Your objective => Only the pictures should be left out; write out all other data exactly.

Extracted entries =>
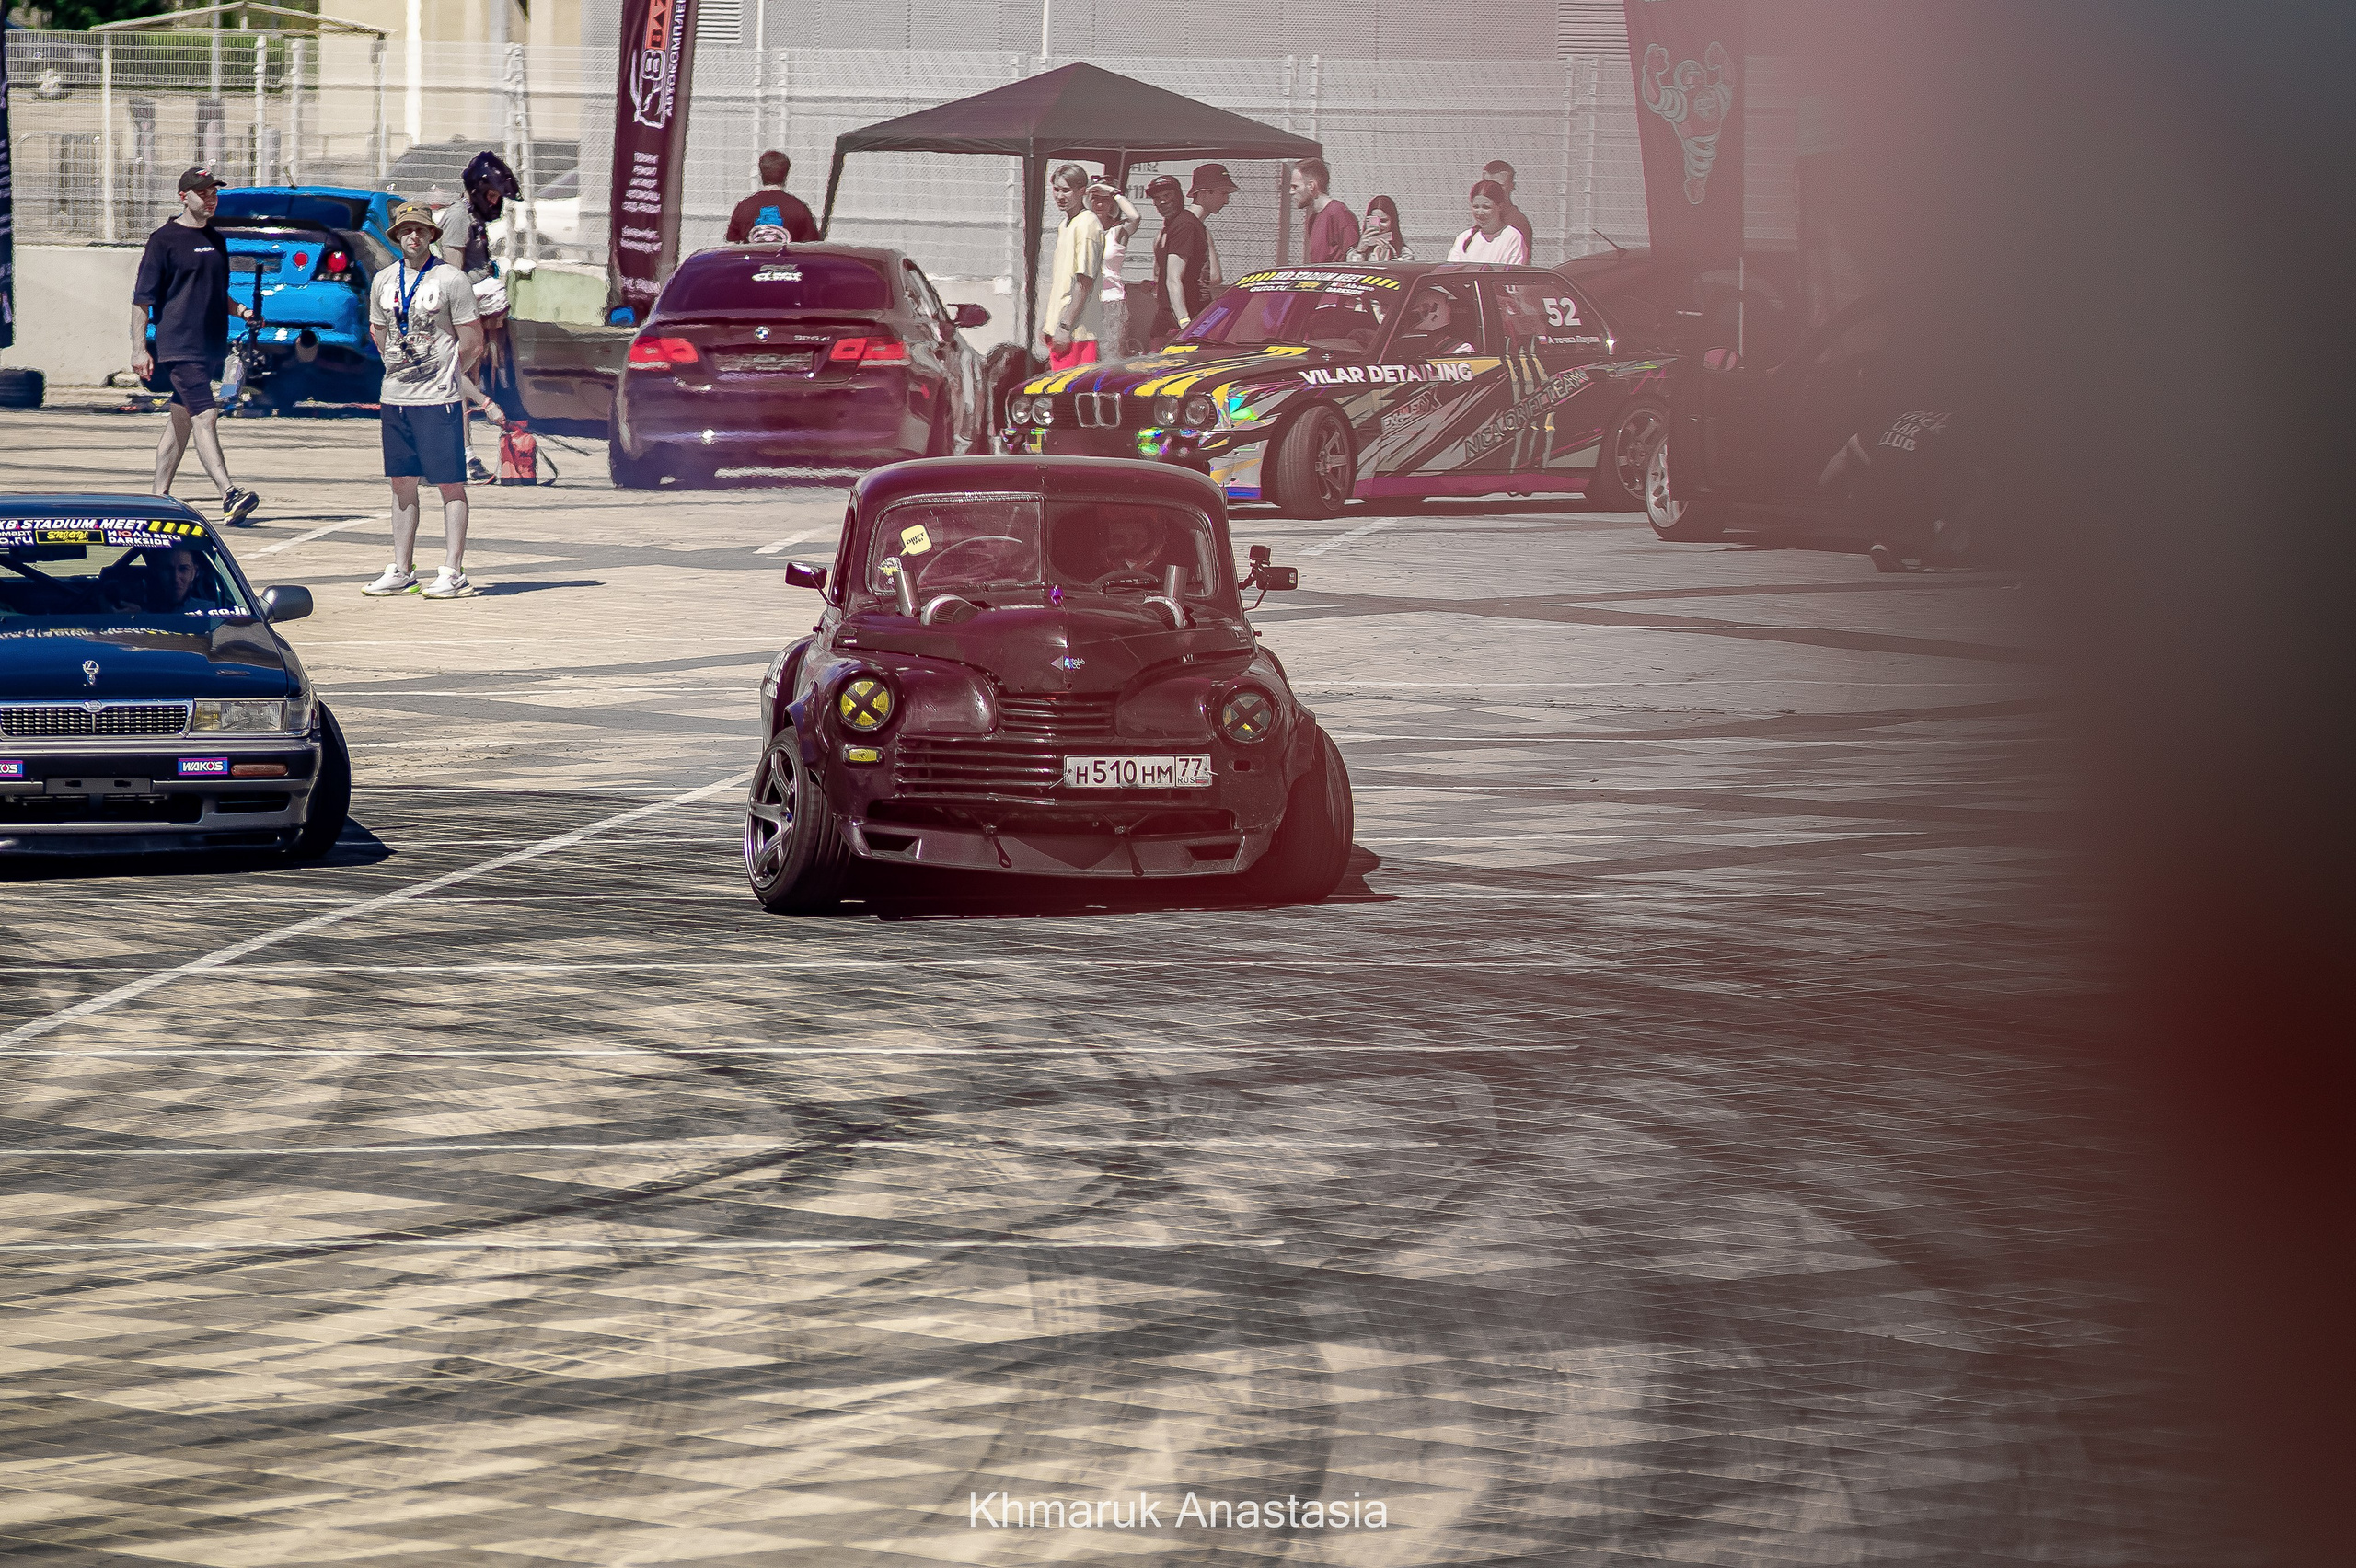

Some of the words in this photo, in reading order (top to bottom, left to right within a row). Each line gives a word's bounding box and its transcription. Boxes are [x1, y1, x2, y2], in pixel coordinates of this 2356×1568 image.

[1542, 297, 1581, 327] 52
[1298, 365, 1365, 385] VILAR
[1366, 363, 1473, 383] DETAILING
[1543, 367, 1590, 403] TEAM
[1892, 420, 1922, 437] CAR
[1878, 432, 1917, 452] CLUB
[21, 518, 96, 530] STADIUM
[98, 518, 147, 530] MEET
[108, 537, 172, 548] DARKSIDE
[1178, 757, 1203, 778] 77

Task response =>
Some of the words in this photo, in reading order (top to bottom, left to right within a row). Each line gives a word's bounding box and its transcription. Boxes are [x1, y1, x2, y2], in pixel coordinates of this 2356×1568 image.

[1542, 297, 1581, 327] 52
[1298, 365, 1365, 385] VILAR
[1366, 363, 1473, 383] DETAILING
[1543, 367, 1590, 403] TEAM
[1892, 420, 1922, 437] CAR
[1878, 432, 1917, 452] CLUB
[21, 518, 96, 530] STADIUM
[98, 518, 147, 530] MEET
[108, 537, 172, 548] DARKSIDE
[1178, 757, 1203, 778] 77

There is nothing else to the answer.